» PROBLEM DETAILS:
Give every line of the data again, unchanged, but with no pictures.

» Records contained in a dataset:
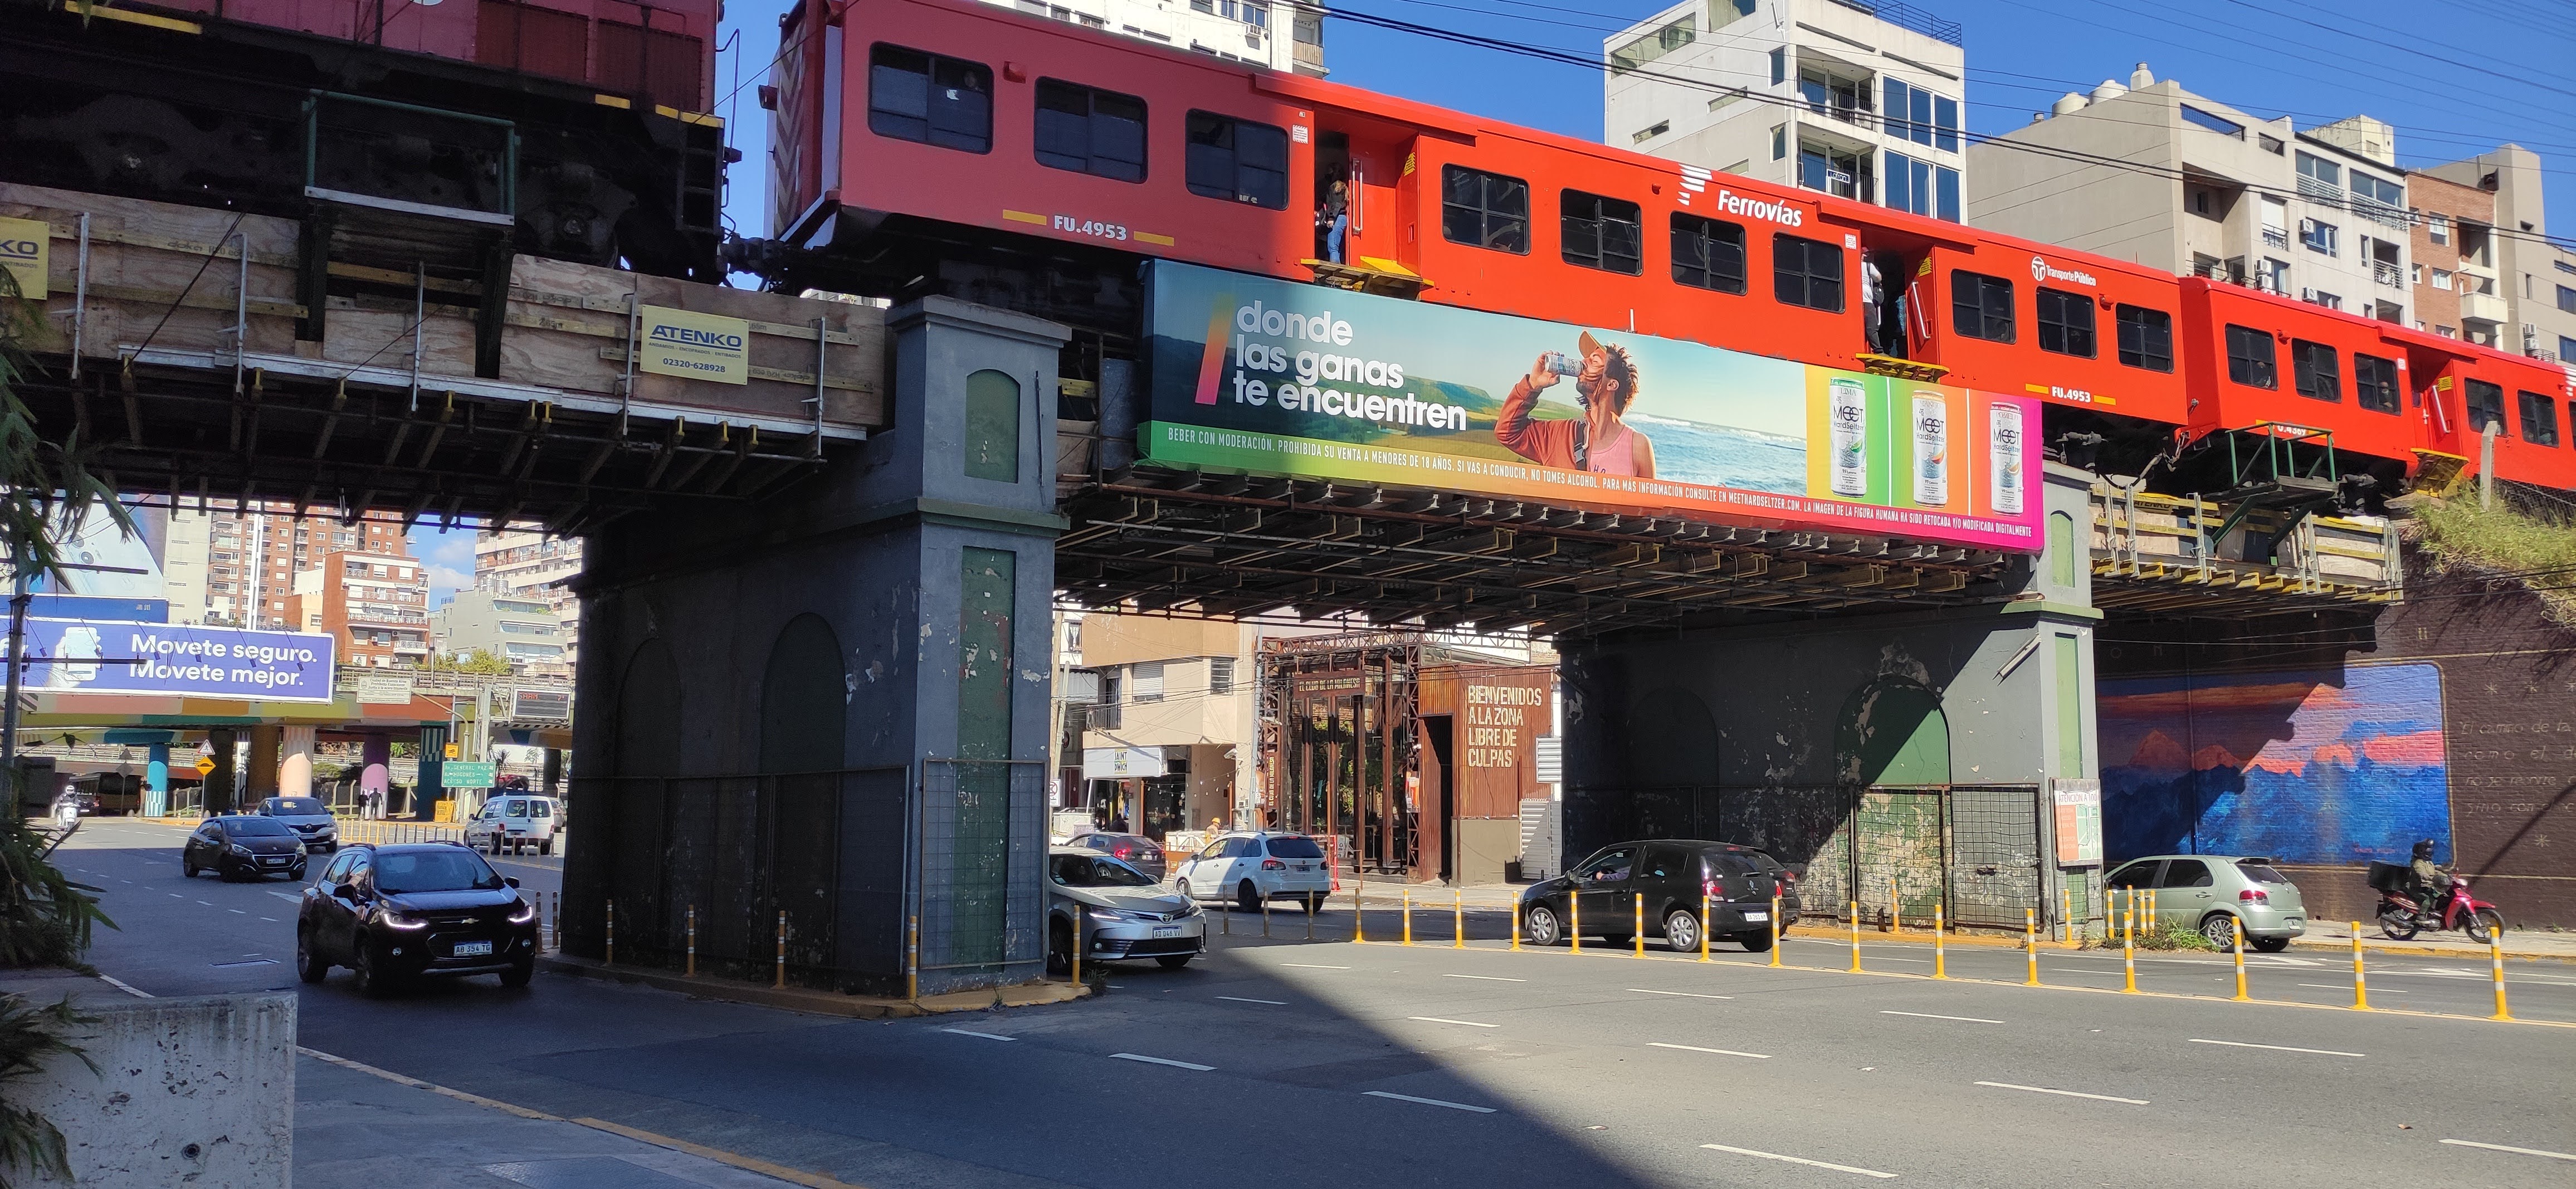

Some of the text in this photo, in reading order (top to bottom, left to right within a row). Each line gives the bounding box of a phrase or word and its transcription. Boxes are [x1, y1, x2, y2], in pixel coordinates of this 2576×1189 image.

[1718, 189, 1802, 227] Ferrovías
[1054, 215, 1126, 240] FU.4953
[2046, 265, 2096, 286] Transporte Público
[1237, 300, 1353, 346] donde
[651, 325, 741, 348] ATENKO
[663, 358, 725, 373] 02320-628928
[1236, 334, 1404, 389] las ganas
[1233, 370, 1466, 431] te encuentren
[1840, 387, 1857, 396] LIMA
[2052, 386, 2091, 403] FU.4953
[1168, 427, 2032, 538] BEBER CON MODERACIÓN. PROHIBIDA SU VENTA A MENORES DE 18 AÑOS. SI VAS A CONDUCIR, NO TOMES ALCOHOL. PARA MÁS INFORMACIÓN CONSULTE EN MEETHARDSELTZER.COM. LA IMAGEN DE LA FIGURA HUMANA HA SIDO RETOCADA Y/O MODIFICADA DIGITALMENTE
[131, 634, 318, 666] Movete seguro.
[129, 664, 304, 689] Movete mejor.
[1299, 678, 1360, 691] EL CLUB DE LA MILANESA
[1468, 685, 1542, 706] BIENVENIDOS
[1468, 706, 1524, 727] A LA ZONA
[2531, 719, 2550, 733] de
[1468, 727, 1517, 747] LIBRE DE
[1115, 752, 1128, 761] SAINT
[1468, 748, 1513, 768] CULPAS
[2530, 745, 2546, 759] el
[2058, 793, 2083, 802] ATENCIÓN
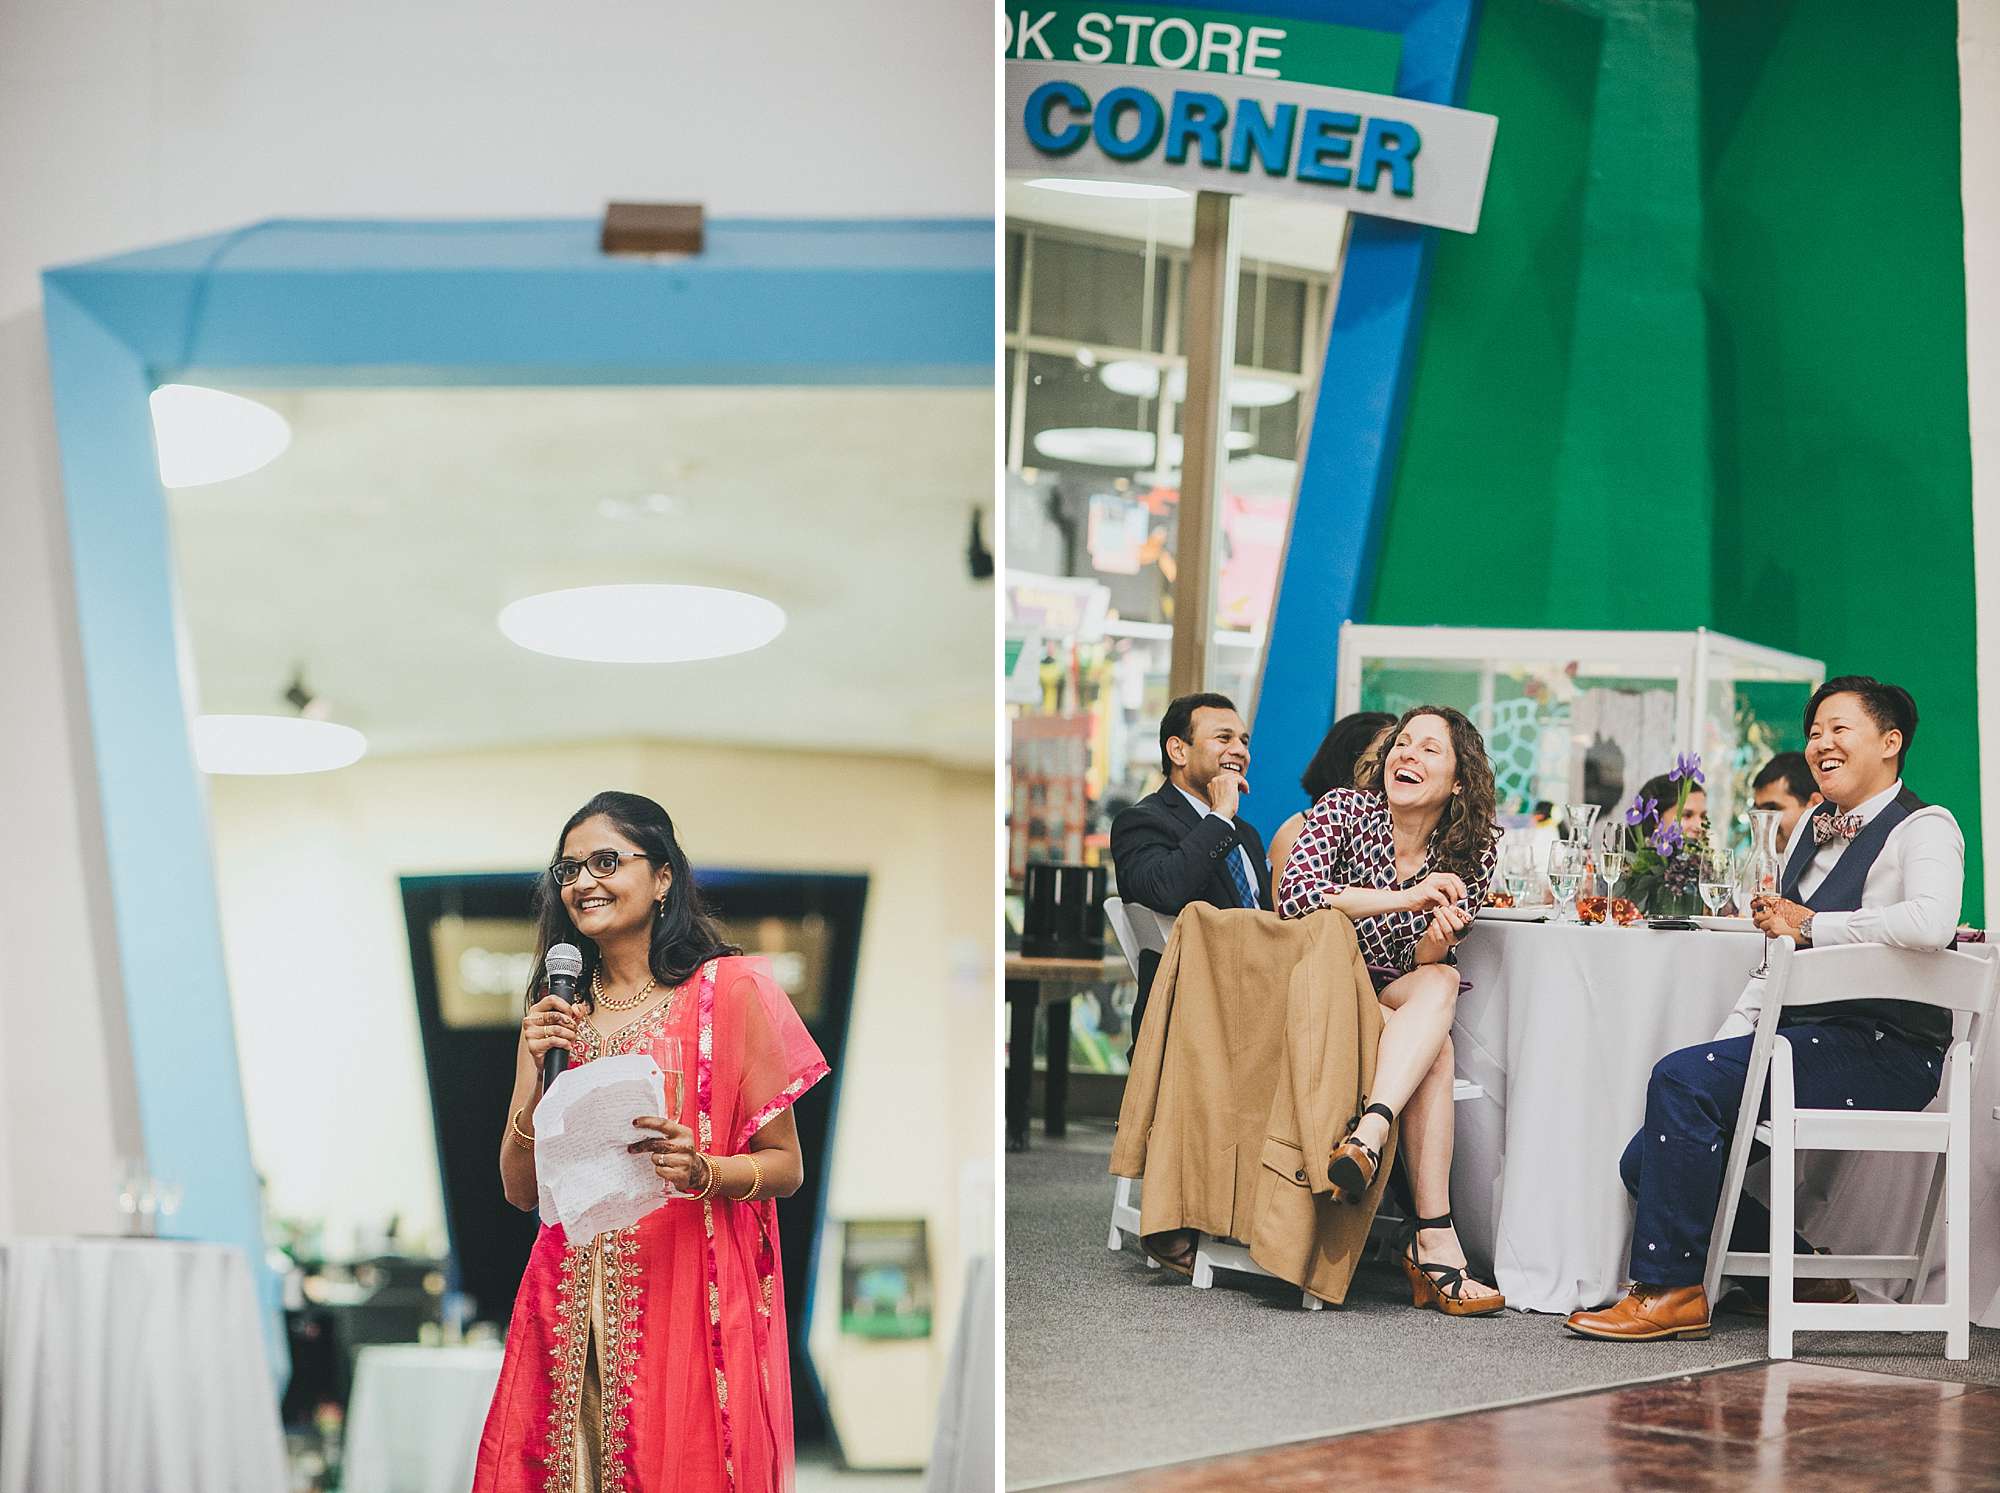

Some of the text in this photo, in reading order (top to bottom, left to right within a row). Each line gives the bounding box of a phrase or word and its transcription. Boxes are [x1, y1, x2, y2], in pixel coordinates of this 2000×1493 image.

» RESULT OF THE EXERCISE:
Some of the text in this photo, in reading order (top to bottom, left to right within a row). Each line gives the bounding box of a phrase or word and its transcription. Boxes are [x1, y1, x2, y2], in pixel coordinates of this 2576×1189 image.

[1718, 189, 1802, 227] Ferrovías
[1054, 215, 1126, 240] FU.4953
[2046, 265, 2096, 286] Transporte Público
[1237, 300, 1353, 346] donde
[651, 325, 741, 348] ATENKO
[663, 358, 725, 373] 02320-628928
[1236, 334, 1404, 389] las ganas
[1233, 370, 1466, 431] te encuentren
[1840, 387, 1857, 396] LIMA
[2052, 386, 2091, 403] FU.4953
[1168, 427, 2032, 538] BEBER CON MODERACIÓN. PROHIBIDA SU VENTA A MENORES DE 18 AÑOS. SI VAS A CONDUCIR, NO TOMES ALCOHOL. PARA MÁS INFORMACIÓN CONSULTE EN MEETHARDSELTZER.COM. LA IMAGEN DE LA FIGURA HUMANA HA SIDO RETOCADA Y/O MODIFICADA DIGITALMENTE
[131, 634, 318, 666] Movete seguro.
[129, 664, 304, 689] Movete mejor.
[1299, 678, 1360, 691] EL CLUB DE LA MILANESA
[1468, 685, 1542, 706] BIENVENIDOS
[1468, 706, 1524, 727] A LA ZONA
[2531, 719, 2550, 733] de
[1468, 727, 1517, 747] LIBRE DE
[1115, 752, 1128, 761] SAINT
[1468, 748, 1513, 768] CULPAS
[2530, 745, 2546, 759] el
[2058, 793, 2083, 802] ATENCIÓN

Some of the text in this photo, in reading order (top to bottom, left to right within a row). Each line gives the bounding box of a phrase or word and its transcription. Boxes are [x1, y1, x2, y2], in pixel coordinates of this 2000×1493 image.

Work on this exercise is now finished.